#### Data supplied
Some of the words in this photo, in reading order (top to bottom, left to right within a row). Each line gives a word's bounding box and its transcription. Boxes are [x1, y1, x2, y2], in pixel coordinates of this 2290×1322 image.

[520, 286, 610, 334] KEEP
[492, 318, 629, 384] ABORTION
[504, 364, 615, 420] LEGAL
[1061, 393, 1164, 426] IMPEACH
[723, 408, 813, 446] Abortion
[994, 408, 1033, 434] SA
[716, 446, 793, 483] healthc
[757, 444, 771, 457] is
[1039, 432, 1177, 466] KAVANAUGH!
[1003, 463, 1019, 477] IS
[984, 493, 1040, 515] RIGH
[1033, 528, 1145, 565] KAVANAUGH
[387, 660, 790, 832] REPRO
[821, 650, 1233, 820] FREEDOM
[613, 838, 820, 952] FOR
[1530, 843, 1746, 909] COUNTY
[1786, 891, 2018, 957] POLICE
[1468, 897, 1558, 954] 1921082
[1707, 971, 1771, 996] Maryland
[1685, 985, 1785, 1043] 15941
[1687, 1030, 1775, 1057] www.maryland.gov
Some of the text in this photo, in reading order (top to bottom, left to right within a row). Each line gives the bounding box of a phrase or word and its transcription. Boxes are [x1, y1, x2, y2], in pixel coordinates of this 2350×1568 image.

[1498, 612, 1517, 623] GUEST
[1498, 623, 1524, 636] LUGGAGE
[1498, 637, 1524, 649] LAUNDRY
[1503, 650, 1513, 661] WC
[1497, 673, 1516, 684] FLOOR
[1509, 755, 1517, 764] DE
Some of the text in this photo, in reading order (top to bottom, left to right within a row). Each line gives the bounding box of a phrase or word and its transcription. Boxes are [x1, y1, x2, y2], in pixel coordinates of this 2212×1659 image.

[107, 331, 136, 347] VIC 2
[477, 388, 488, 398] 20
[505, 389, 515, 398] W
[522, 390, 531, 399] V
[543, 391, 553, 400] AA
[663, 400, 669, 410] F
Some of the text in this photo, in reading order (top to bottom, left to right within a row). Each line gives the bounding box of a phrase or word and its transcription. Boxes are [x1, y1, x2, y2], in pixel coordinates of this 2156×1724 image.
########
What is needed is an exact copy of all the entries.

Some of the words in this photo, in reading order (top to bottom, left to right within a row). Each line gives a word's bounding box and its transcription. Boxes are [x1, y1, x2, y2], in pixel coordinates of this 2290×1322 image.

[520, 286, 610, 334] KEEP
[492, 318, 629, 384] ABORTION
[504, 364, 615, 420] LEGAL
[1061, 393, 1164, 426] IMPEACH
[723, 408, 813, 446] Abortion
[994, 408, 1033, 434] SA
[716, 446, 793, 483] healthc
[757, 444, 771, 457] is
[1039, 432, 1177, 466] KAVANAUGH!
[1003, 463, 1019, 477] IS
[984, 493, 1040, 515] RIGH
[1033, 528, 1145, 565] KAVANAUGH
[387, 660, 790, 832] REPRO
[821, 650, 1233, 820] FREEDOM
[613, 838, 820, 952] FOR
[1530, 843, 1746, 909] COUNTY
[1786, 891, 2018, 957] POLICE
[1468, 897, 1558, 954] 1921082
[1707, 971, 1771, 996] Maryland
[1685, 985, 1785, 1043] 15941
[1687, 1030, 1775, 1057] www.maryland.gov
Some of the text in this photo, in reading order (top to bottom, left to right within a row). Each line gives the bounding box of a phrase or word and its transcription. Boxes are [x1, y1, x2, y2], in pixel coordinates of this 2350×1568 image.

[1498, 612, 1517, 623] GUEST
[1498, 623, 1524, 636] LUGGAGE
[1498, 637, 1524, 649] LAUNDRY
[1503, 650, 1513, 661] WC
[1497, 673, 1516, 684] FLOOR
[1509, 755, 1517, 764] DE
Some of the text in this photo, in reading order (top to bottom, left to right within a row). Each line gives the bounding box of a phrase or word and its transcription. Boxes are [x1, y1, x2, y2], in pixel coordinates of this 2212×1659 image.

[107, 331, 136, 347] VIC 2
[477, 388, 488, 398] 20
[505, 389, 515, 398] W
[522, 390, 531, 399] V
[543, 391, 553, 400] AA
[663, 400, 669, 410] F
Some of the text in this photo, in reading order (top to bottom, left to right within a row). Each line gives the bounding box of a phrase or word and its transcription. Boxes are [x1, y1, x2, y2], in pixel coordinates of this 2156×1724 image.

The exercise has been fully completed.